Conceptual clarity is needed in this area, especially regarding positive equality measures designed to improve women’s representation. One cannot be attuned to disparities between various groups at a nation-wide level if the membership of those groups is different between Scotland and the rest of the UK.

The U.K. government has three options open to it if it wishes to intervene in this context.

  1. It can use s.104 of the Scotland Act to pass regulations clarifying whether Scottish GRCs will be valid in the rest of the U.K.
  2. It can use s.33 of the Scotland Act to refer the bill to the UK Supreme Court to assess whether the bill is within the competence of the Scottish Parliament
  3. It can use s.35 of the Scotland Act to make an order vetoing the bill, regardless of whether it is within competence, because it adversely affects the law relating to the reserved matter of equal opportunities.

Given the significant uncertainty surrounding the status of Scottish GRCs in the rest of the UK, it is incumbent upon the UK government to use s.104 to clarify this one way or the other.

It is highly unlikely, although not impossible, that this bill is outwith the competence of the Scottish Parliament.

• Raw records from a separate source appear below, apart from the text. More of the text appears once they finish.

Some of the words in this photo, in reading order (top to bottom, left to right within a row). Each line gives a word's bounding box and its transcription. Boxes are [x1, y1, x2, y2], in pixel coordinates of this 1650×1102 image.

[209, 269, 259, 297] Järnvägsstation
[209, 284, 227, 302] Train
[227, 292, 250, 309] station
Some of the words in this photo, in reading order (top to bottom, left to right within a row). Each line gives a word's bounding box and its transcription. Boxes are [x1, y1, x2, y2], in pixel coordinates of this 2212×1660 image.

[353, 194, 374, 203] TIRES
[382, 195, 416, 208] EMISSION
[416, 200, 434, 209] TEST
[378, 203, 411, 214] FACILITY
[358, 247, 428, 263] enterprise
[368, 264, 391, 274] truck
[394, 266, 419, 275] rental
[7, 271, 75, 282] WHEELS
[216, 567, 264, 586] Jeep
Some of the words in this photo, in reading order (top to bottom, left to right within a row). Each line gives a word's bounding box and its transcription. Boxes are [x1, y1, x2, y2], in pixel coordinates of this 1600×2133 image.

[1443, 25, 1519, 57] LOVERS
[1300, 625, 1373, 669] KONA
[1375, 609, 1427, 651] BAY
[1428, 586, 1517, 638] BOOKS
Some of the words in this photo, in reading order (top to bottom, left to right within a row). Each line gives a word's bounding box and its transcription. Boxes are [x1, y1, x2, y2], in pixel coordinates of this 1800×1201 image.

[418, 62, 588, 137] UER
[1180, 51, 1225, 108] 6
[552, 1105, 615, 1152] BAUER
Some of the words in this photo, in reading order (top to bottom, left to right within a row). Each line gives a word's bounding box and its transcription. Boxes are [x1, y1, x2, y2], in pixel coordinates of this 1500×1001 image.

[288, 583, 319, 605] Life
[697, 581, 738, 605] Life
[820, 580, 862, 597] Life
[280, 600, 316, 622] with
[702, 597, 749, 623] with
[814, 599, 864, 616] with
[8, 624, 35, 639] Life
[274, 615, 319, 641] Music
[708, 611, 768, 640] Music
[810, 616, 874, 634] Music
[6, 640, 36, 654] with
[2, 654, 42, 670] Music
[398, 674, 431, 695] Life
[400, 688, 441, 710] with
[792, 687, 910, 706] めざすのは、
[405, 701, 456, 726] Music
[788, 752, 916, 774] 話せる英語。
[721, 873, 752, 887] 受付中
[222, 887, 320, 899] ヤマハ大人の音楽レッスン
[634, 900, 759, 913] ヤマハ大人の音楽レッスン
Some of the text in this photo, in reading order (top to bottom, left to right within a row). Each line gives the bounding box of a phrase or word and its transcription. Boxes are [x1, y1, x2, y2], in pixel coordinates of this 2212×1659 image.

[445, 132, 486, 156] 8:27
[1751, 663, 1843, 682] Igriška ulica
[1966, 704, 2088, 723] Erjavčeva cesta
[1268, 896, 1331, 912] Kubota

The Gender Recognition Act is devolved and a change to it will not directly alter the Equality Act. The Supreme Court will likely need more direct modification to conclude that the bill is outwith competence.

However, s.35 orders are designed to be used even when a bill is within competence and so the legal test here is whether there would be an adverse alteration to the law relating to a reserved matter (in this case equal opportunities). This is very likely to be the case.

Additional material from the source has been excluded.